[Quick Summary: Near the end of WWII, Pulitzer Prize winning journalist Ernie Pyle follows troops, in the good and bad, as they liberate Italy.]
Journalist Ernie Pyle wrote in a way that brought his readers close to the troops. I was surprised at how this script did the same thing for me.
I'm glad that the writers did not focus on politics or the problems of an on-going war.* Instead, they focused on what these soldiers really fought for - each other.
All throughout the script, there is this feeling as if you belong, i.e., camaraderie. It shows up particularly in very small moments.
In the scene below:
- Notice how Murphy's death is handled tactfully, quietly.
- Mew, who has no family, had to fill out his insurance forms earlier.
- Notice how the scene speaks without words of taking care of each other.

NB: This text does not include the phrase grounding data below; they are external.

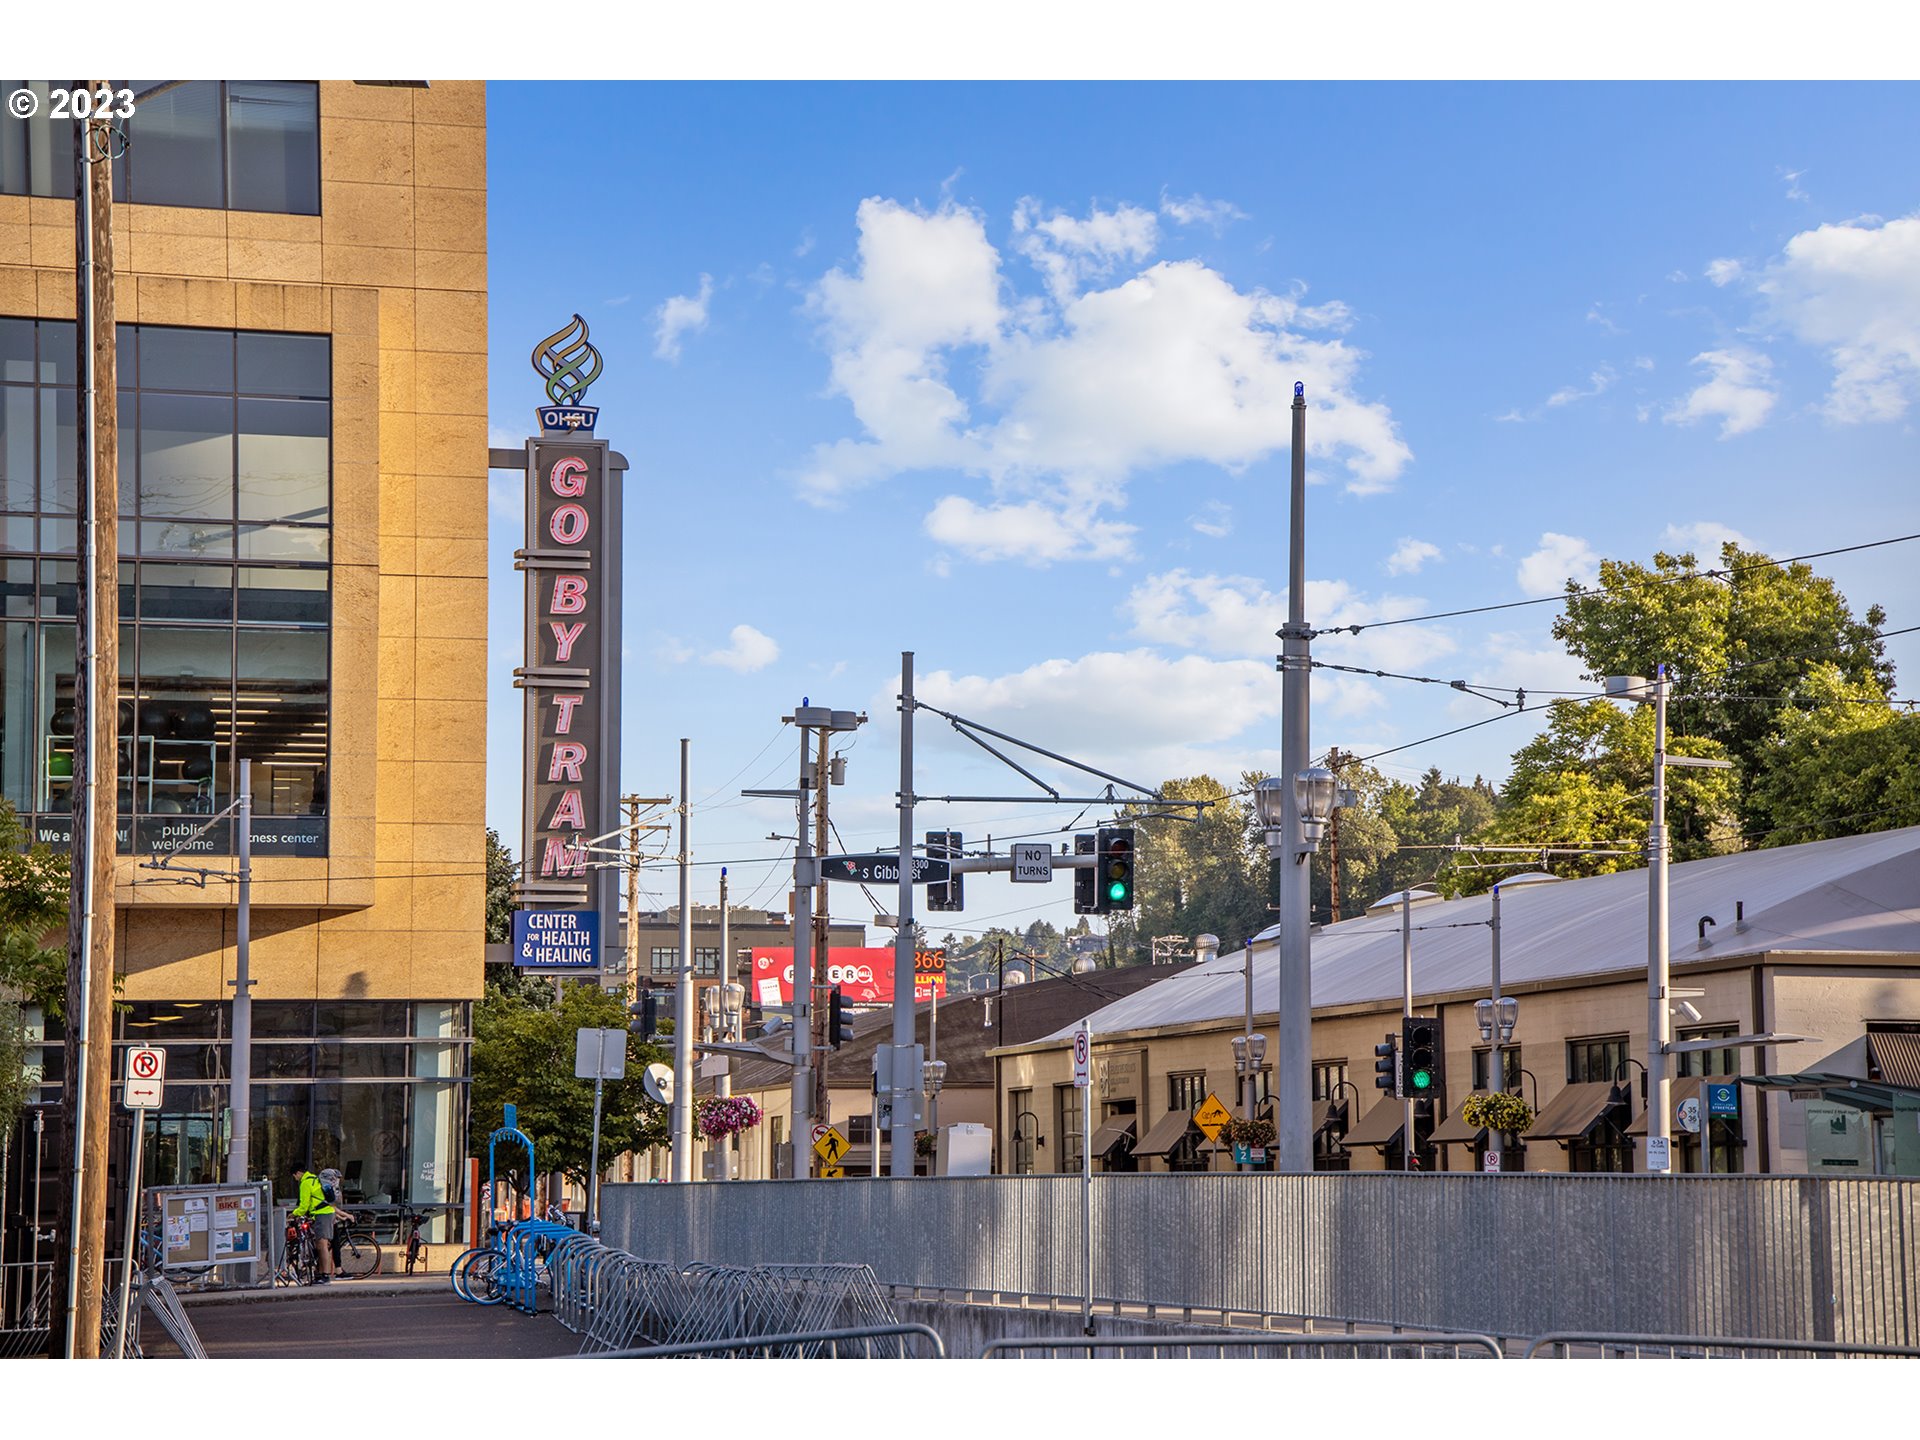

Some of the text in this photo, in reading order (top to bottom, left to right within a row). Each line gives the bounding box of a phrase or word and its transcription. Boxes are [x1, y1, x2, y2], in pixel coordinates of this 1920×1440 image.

[550, 456, 589, 545] GO
[549, 575, 588, 661] BY
[541, 694, 588, 877] TRAM
[39, 829, 54, 842] We
[162, 824, 205, 837] public
[152, 838, 214, 851] welcome
[281, 834, 319, 844] center
[1025, 850, 1042, 861] NO
[874, 865, 899, 880] Gibb
[1018, 866, 1049, 877] TURNS
[528, 914, 577, 929] CENTER
[527, 931, 590, 946] FOR HEALTH
[522, 942, 592, 963] & HEALING
[915, 976, 943, 984] LLION
[1240, 1151, 1247, 1160] 2
[218, 1201, 239, 1210] BIKE
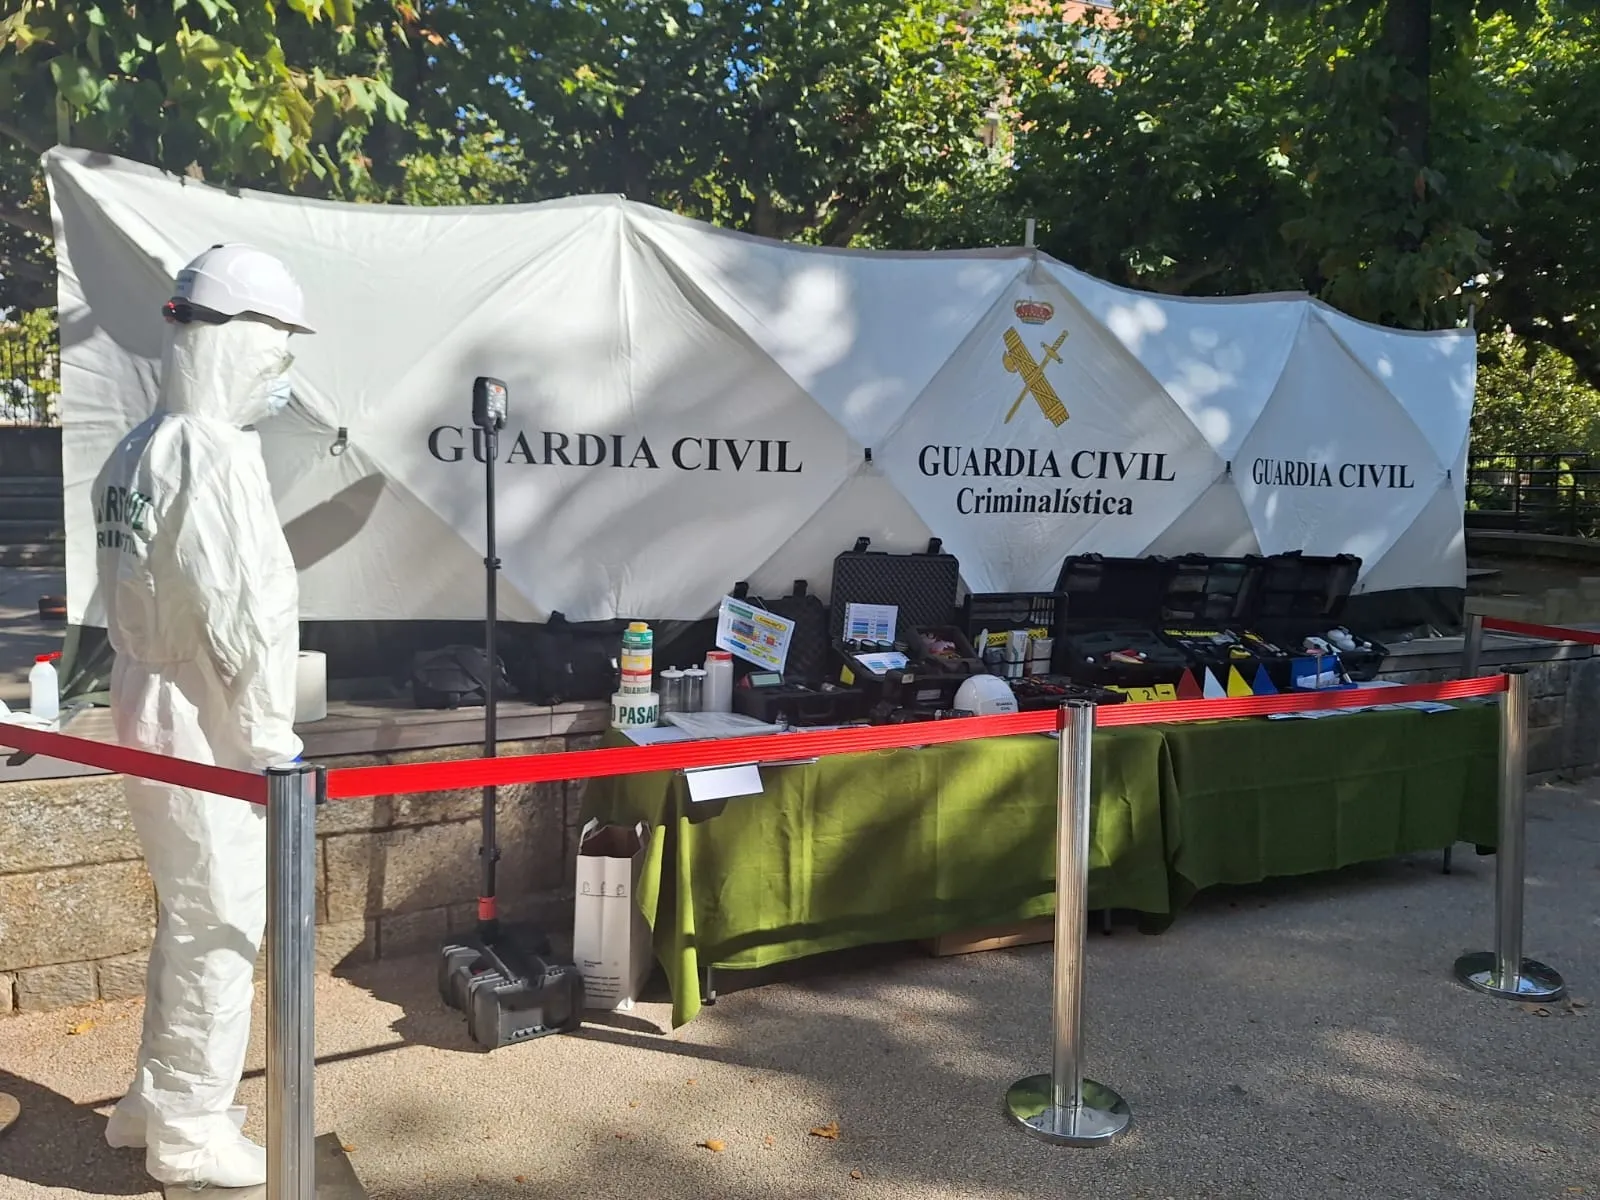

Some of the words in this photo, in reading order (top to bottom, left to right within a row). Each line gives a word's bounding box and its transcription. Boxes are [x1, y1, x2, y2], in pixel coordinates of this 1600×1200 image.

[428, 425, 660, 469] GUARDIA
[672, 436, 803, 473] CIVIL
[918, 445, 1062, 478] GUARDIA
[1070, 450, 1176, 482] CIVIL
[1252, 457, 1333, 487] GUARDIA
[1339, 463, 1415, 489] CIVIL
[956, 487, 1134, 516] Criminalística

Ernie looks at the corner where Murphy always sat. Then at Red's picture. Then at Mew, who slowly takes out his tattered insurance paper and a pencil, and starts to rub something out, following which we see the INSURANCE PAPER: Crossing out Murph's name, Mew changes the sum opposite Mrs. Murphy's name to $4000. The list now reads: Warnicki $2000; Junior $2000; Mrs. Murphy $4000.
WHAT I'VE LEARNED: I thought the Pyle character would be a throw away, but he was part of that camaraderie He showed that it mattered to tell these soldiers' stories.
Story of G.I. Joe (1945)
by Leopold Atlas, Guy Endore, Phillip Stevenson
*When this film was made in 1944, WWII had not ended yet and Italy was still being liberated.